Task item: With the pictures removed, the data below must be transcribed in full and exactly.

-*-

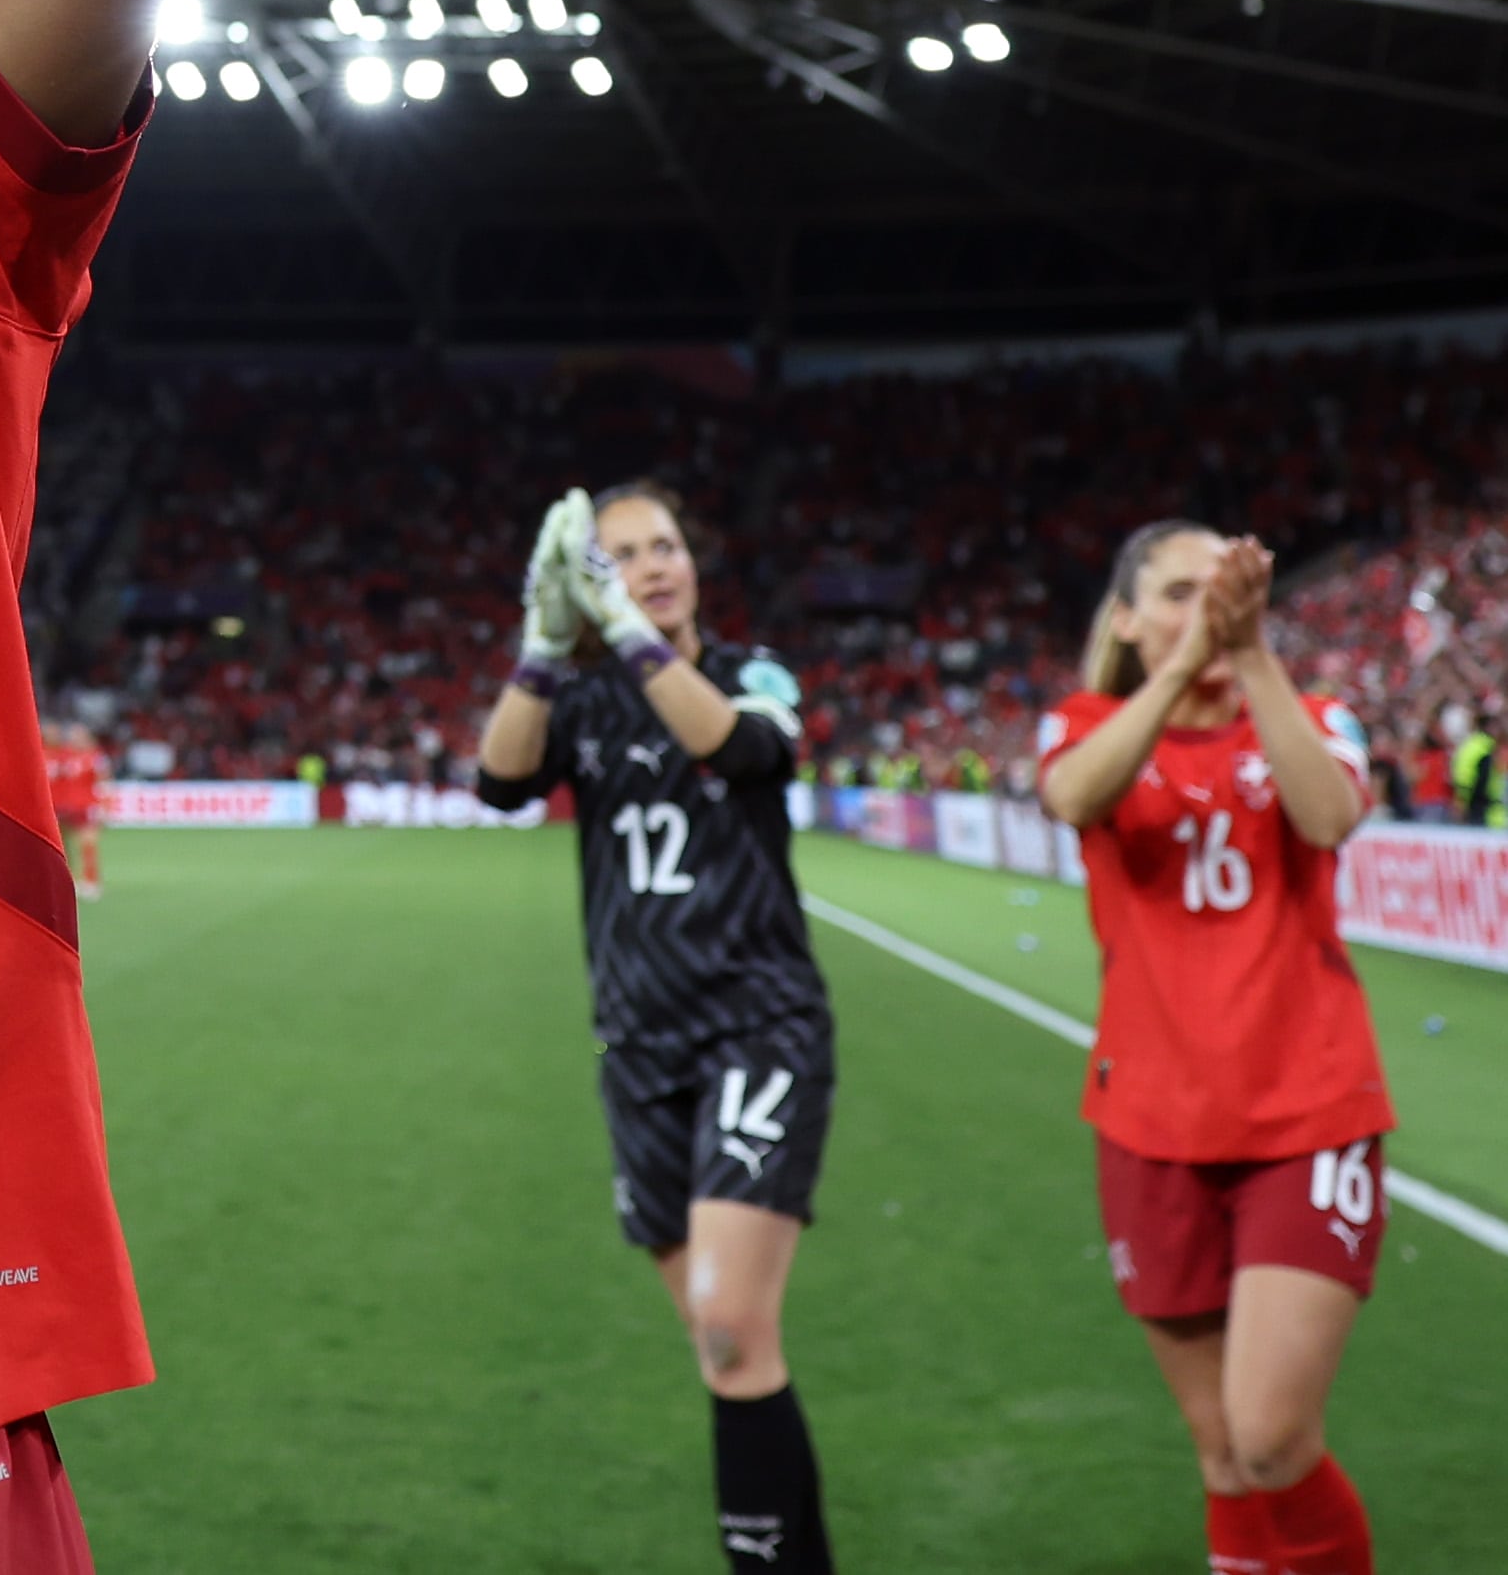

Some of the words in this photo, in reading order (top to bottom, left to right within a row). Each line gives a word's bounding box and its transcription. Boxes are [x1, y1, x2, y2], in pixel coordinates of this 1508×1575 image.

[611, 800, 697, 895] 12
[1172, 810, 1253, 914] 16
[1310, 1139, 1374, 1226] 16
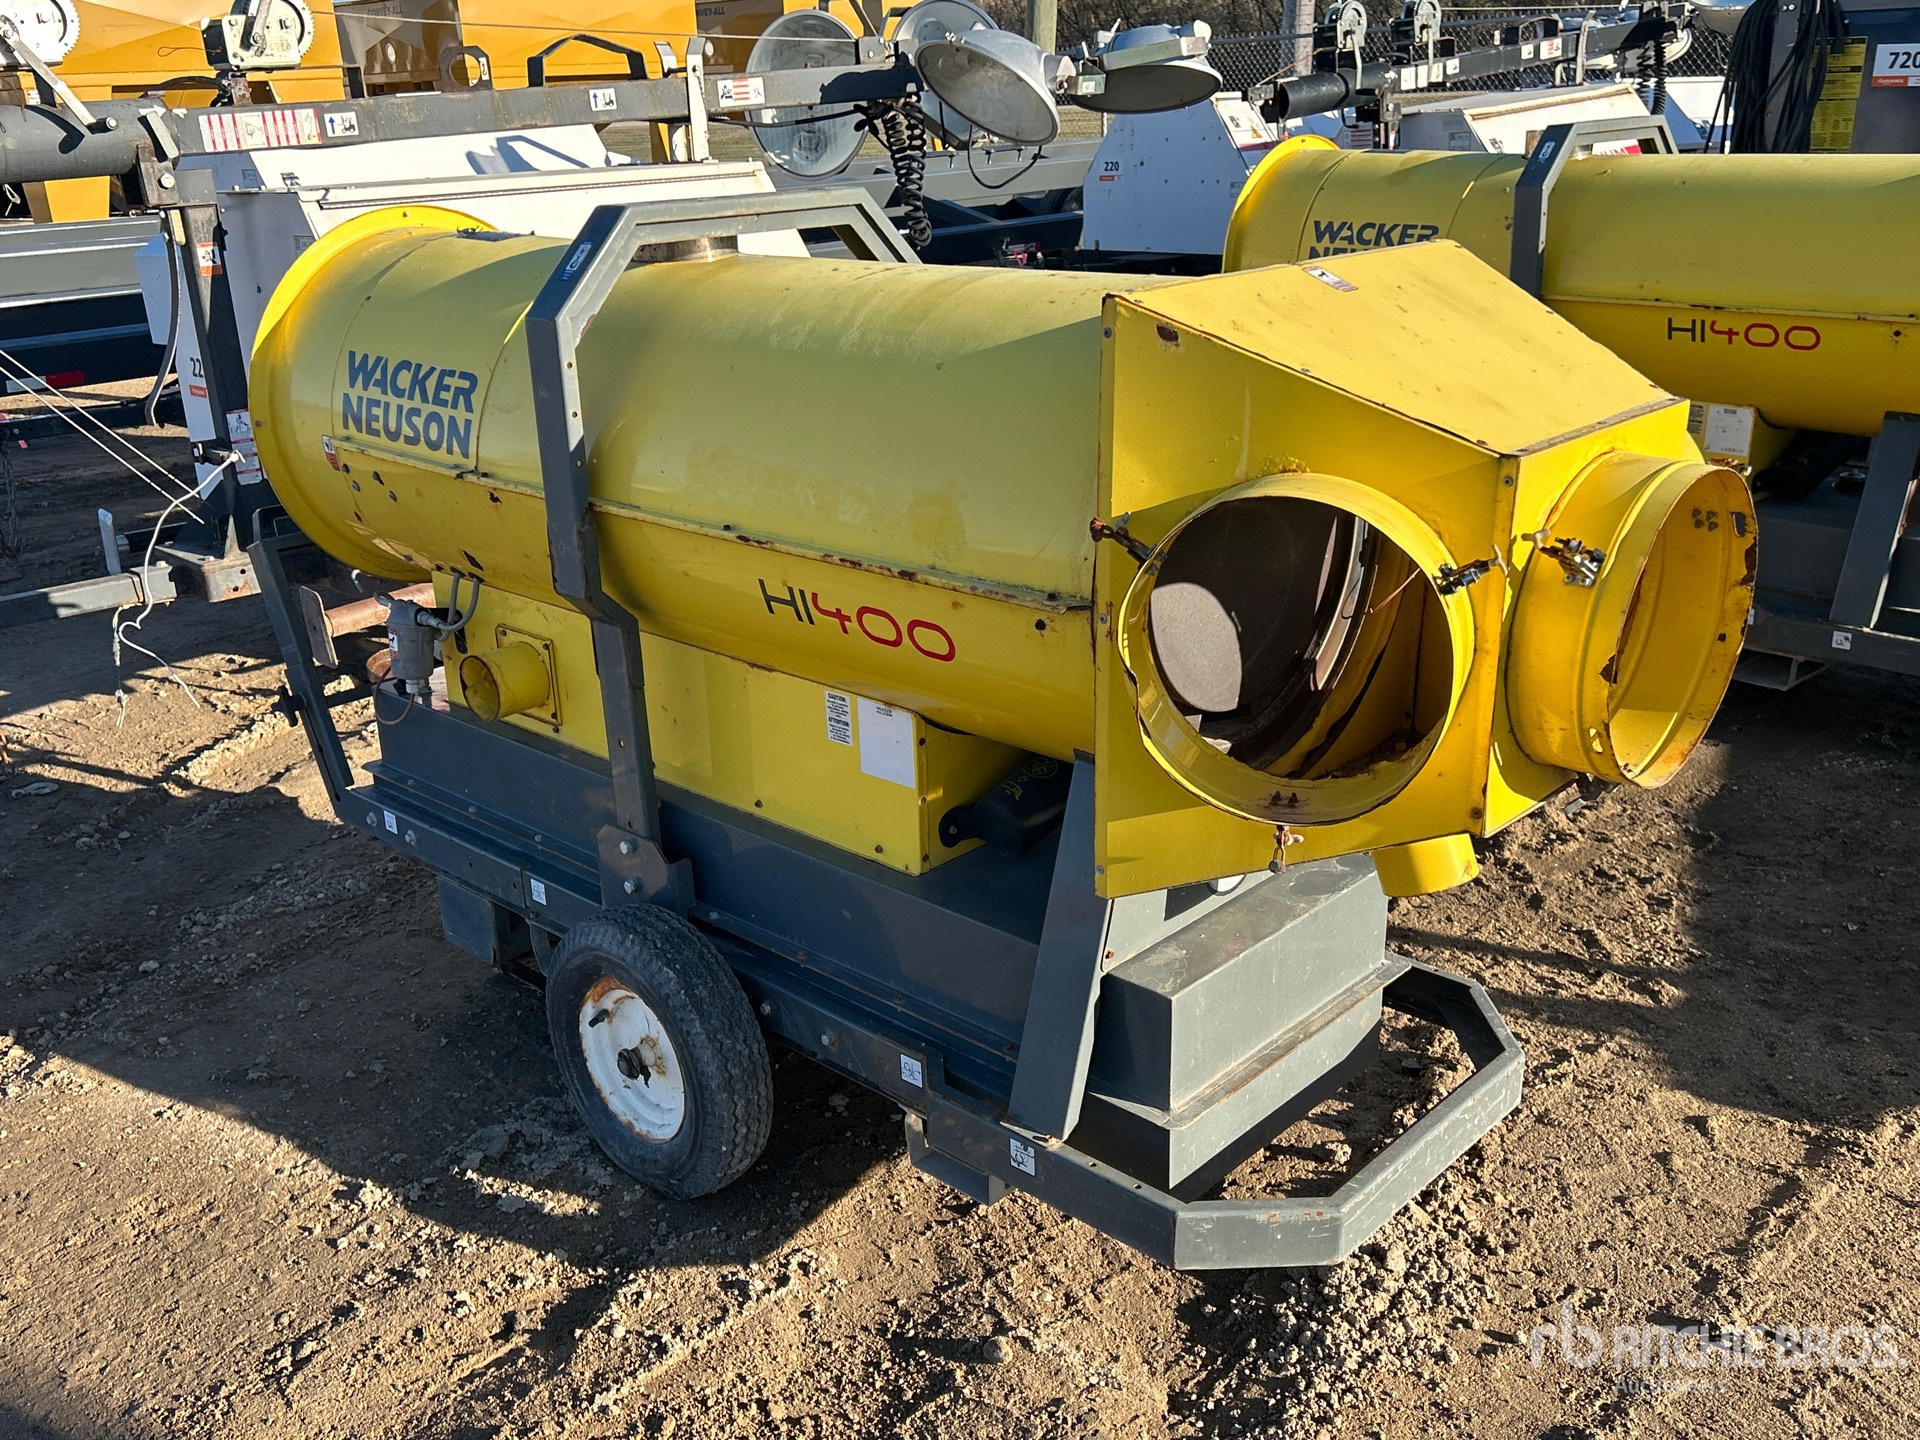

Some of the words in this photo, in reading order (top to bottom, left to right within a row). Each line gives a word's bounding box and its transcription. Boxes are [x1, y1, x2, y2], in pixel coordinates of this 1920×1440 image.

[1888, 51, 1920, 69] 720
[1104, 161, 1120, 172] 220
[1314, 220, 1440, 247] WACKER
[1667, 317, 1821, 351] HI400
[348, 350, 478, 414] WACKER
[342, 392, 472, 459] NEUSON
[758, 578, 956, 662] HI400

-*-

Written answer:
Some of the words in this photo, in reading order (top to bottom, left to right within a row). Each line gives a word's bounding box and its transcription. Boxes are [x1, y1, x2, y2], in pixel coordinates of this 1508×1575 image.

[611, 800, 697, 895] 12
[1172, 810, 1253, 914] 16
[1310, 1139, 1374, 1226] 16

Some of the words in this photo, in reading order (top to bottom, left to right within a row). Each line gives a word's bounding box and its transcription. Boxes are [x1, y1, x2, y2], in pixel coordinates of this 1920×1440 image.

[1888, 51, 1920, 69] 720
[1104, 161, 1120, 172] 220
[1314, 220, 1440, 247] WACKER
[1667, 317, 1821, 351] HI400
[348, 350, 478, 414] WACKER
[342, 392, 472, 459] NEUSON
[758, 578, 956, 662] HI400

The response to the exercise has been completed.